BBQ Chicken Bowl (Print)

Tender BBQ chicken served over rice with fresh coleslaw and roasted vegetables for a complete, hearty bowl.

# What You'll Need:

→ Chicken

01 - 4 boneless, skinless chicken breasts (about 1.3 lbs)
02 - 1 cup BBQ sauce
03 - 1 tablespoon olive oil
04 - 1/2 teaspoon salt
05 - 1/4 teaspoon black pepper

→ Rice

06 - 1 1/2 cups long grain white rice
07 - 3 cups water
08 - 1/2 teaspoon salt

→ Coleslaw

09 - 2 cups shredded green cabbage
10 - 1 cup shredded red cabbage
11 - 1 cup grated carrot
12 - 1/4 cup mayonnaise
13 - 1 tablespoon apple cider vinegar
14 - 1 teaspoon honey
15 - Salt and black pepper to taste

→ Roasted Vegetables

16 - 1 red bell pepper, sliced
17 - 1 zucchini, sliced
18 - 1 red onion, cut into wedges
19 - 1 cup broccoli florets
20 - 2 tablespoons olive oil
21 - 1/2 teaspoon paprika
22 - Salt and black pepper to taste

# Directions:

01 - Preheat your oven to 425°F.
02 - Rinse the rice under cold water. In a saucepan, combine rice, water, and salt. Bring to a boil, reduce to low heat, cover, and simmer for 15-18 minutes until tender. Fluff with a fork and set aside.
03 - On a baking sheet, toss bell pepper, zucchini, red onion, and broccoli with olive oil, paprika, salt, and pepper.
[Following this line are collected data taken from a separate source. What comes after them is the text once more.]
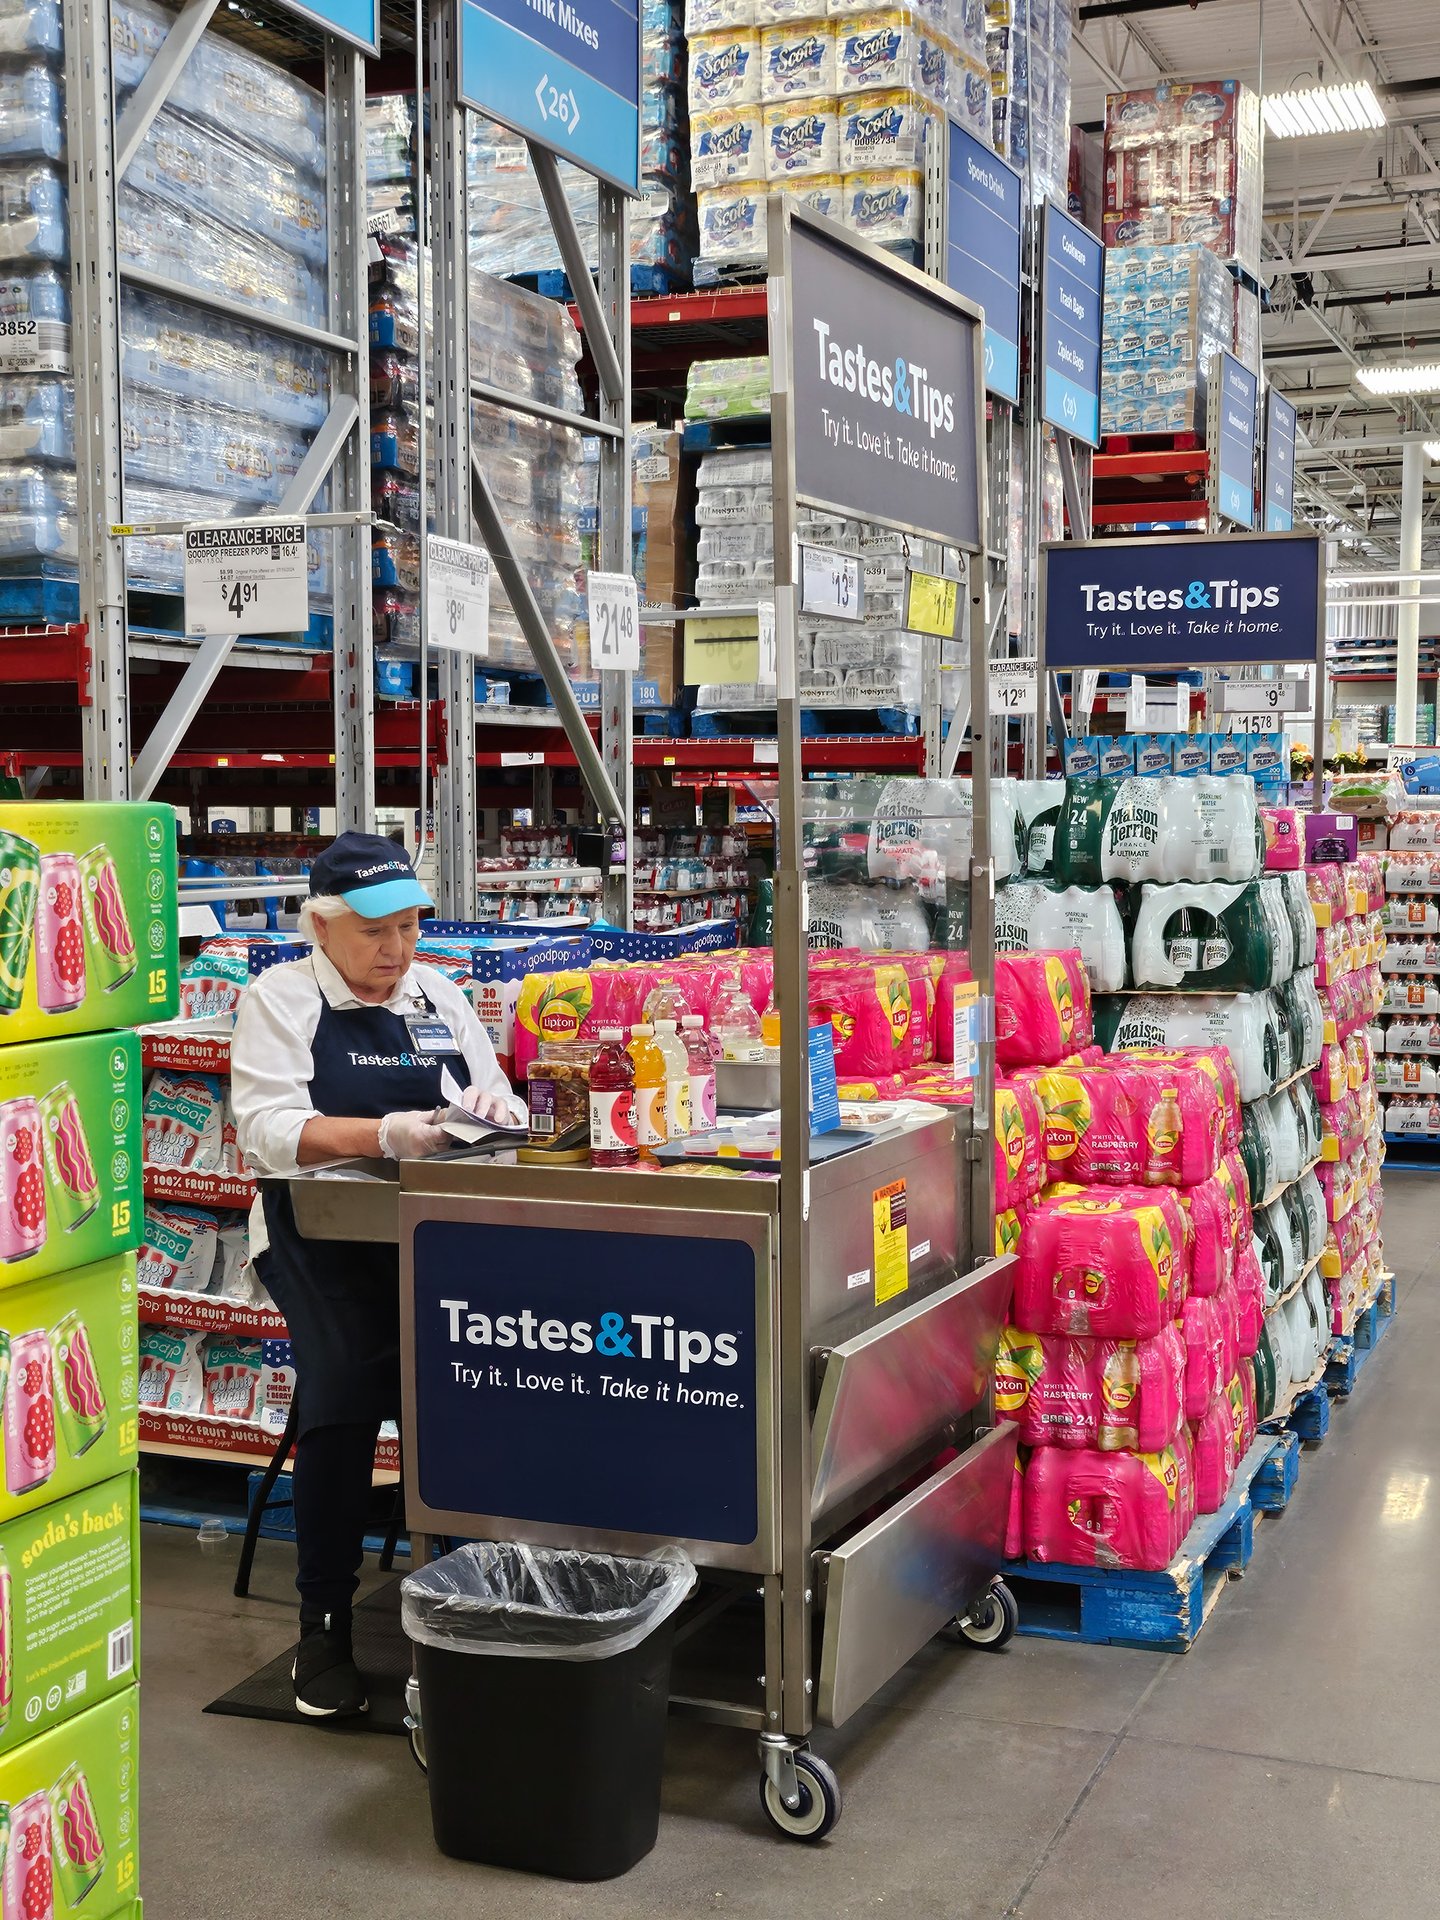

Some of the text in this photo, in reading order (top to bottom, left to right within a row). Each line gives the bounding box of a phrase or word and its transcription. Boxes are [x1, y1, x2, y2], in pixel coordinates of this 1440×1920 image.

[558, 0, 599, 50] Mixes
[852, 27, 893, 64] Scott
[703, 43, 740, 79] Scott
[855, 107, 894, 139] Scott
[967, 157, 1004, 200] Sports Drink
[860, 185, 901, 219] Scott
[1062, 234, 1086, 266] Cookware
[1059, 287, 1085, 320] Trash Bags
[1058, 340, 1084, 373] Ziploc Bags
[813, 318, 956, 439] Tastes&Tips
[821, 408, 959, 484] Try it. Love it. Take it home.
[711, 506, 745, 514] MONSTER
[188, 526, 302, 548] CLEARANCE PRICE
[187, 546, 269, 559] GOODPOP FREEZER POPS
[430, 543, 488, 573] CLEARANCE PRICE
[1081, 580, 1281, 614] Tastes&Tips
[1086, 617, 1283, 639] Try it. Love it. Take it home.
[639, 687, 655, 699] 180
[800, 689, 836, 698] MONSTER
[860, 688, 896, 696] MONSTER
[1071, 755, 1093, 764] POWER
[1106, 754, 1127, 763] POWER
[1109, 760, 1125, 768] FLEX
[1143, 753, 1165, 762] POWER
[1146, 759, 1162, 768] FLEX
[1180, 752, 1203, 760] POWER
[1183, 758, 1200, 766] FLEX
[1074, 761, 1090, 769] FLEX
[1070, 809, 1088, 826] 24
[1109, 805, 1159, 828] Maison
[150, 825, 161, 842] 5g
[1109, 822, 1158, 856] Perrier
[355, 860, 409, 879] Tastes&Tips
[1401, 879, 1422, 887] ZERO
[948, 925, 963, 940] 24
[694, 934, 723, 953] goodpop
[527, 951, 571, 971] goodpop
[1396, 958, 1418, 966] ZERO
[184, 961, 248, 979] goodpop
[148, 969, 167, 995] 15
[187, 992, 202, 1002] NO
[482, 988, 496, 999] 30
[477, 1000, 502, 1009] CHERRY
[482, 1009, 503, 1017] BERRY
[544, 1017, 574, 1031] Lipton
[1118, 1021, 1166, 1047] Maison
[151, 1042, 213, 1057] 100% FRUIT
[1401, 1039, 1422, 1047] ZERO
[114, 1055, 125, 1072] 5g
[348, 1052, 437, 1067] Tastes&Tips
[147, 1128, 162, 1140] NO
[1091, 1140, 1139, 1149] RASPBERRY
[1123, 1162, 1140, 1172] 24
[153, 1174, 247, 1195] 100% FRUIT JUICE
[111, 1200, 131, 1228] 15
[176, 1226, 192, 1236] POPS
[164, 1302, 287, 1328] 100% FRUIT JUICE POPS
[440, 1299, 740, 1374] Tastes&Tips
[271, 1372, 286, 1383] 30
[451, 1362, 745, 1409] Try it. Love it. Take it home.
[211, 1381, 225, 1393] NO
[266, 1384, 291, 1393] CHERRY
[270, 1392, 292, 1400] BERRY
[1043, 1391, 1094, 1401] RASPBERRY
[1076, 1414, 1094, 1426] 24
[119, 1419, 137, 1448] 15
[165, 1421, 260, 1443] 100% FRUIT JUICE
[21, 1502, 125, 1569] soda's back
[116, 1851, 134, 1885] 15
Spread in a single layer and roast for 20-25 minutes, turning once, until golden and tender.
04 - In a large bowl, whisk together mayonnaise, apple cider vinegar, honey, salt, and pepper. Add green and red cabbage and carrot; toss to coat. Chill until serving.
05 - Pat chicken breasts dry and season with salt and pepper. Heat olive oil in a large skillet over medium-high heat. Sear chicken for 4-5 minutes per side until golden and cooked through (internal temperature 165°F). Brush generously with BBQ sauce and cook for 1-2 minutes more per side, allowing the sauce to caramelize. Remove from heat and slice.
06 - Divide rice among four bowls. Top with sliced BBQ chicken, a portion of roasted vegetables, and a scoop of coleslaw. Drizzle with extra BBQ sauce if desired.

# Expert Advice:

01 -
  • Everything comes together in under an hour, yet it tastes like you've been cooking all day.
  • Each component can be prepped ahead, so assembly becomes the easiest part of dinner.
  • It's naturally flexible—swap proteins, vegetables, or grains without changing the soul of the dish.
02 -
  • Dry your chicken thoroughly before searing—moisture is the enemy of a proper crust, and a crust is what lets the BBQ glaze cling instead of sliding off.
  • Don't overcrowd the roasting sheet with vegetables; they need space to caramelize, not steam themselves into mushiness.
  • The coleslaw tastes better the next day as the vinegar and honey soften the cabbage without making it limp; if you have time, prepare it a few hours ahead.
03 -
  • If your chicken breasts are thick, butterfly them or pound them gently to an even thickness so they cook through at the same rate without drying out the edges.
  • Keep extra BBQ sauce on the table—people inevitably want more glaze, and having it available makes the meal feel abundant and playful.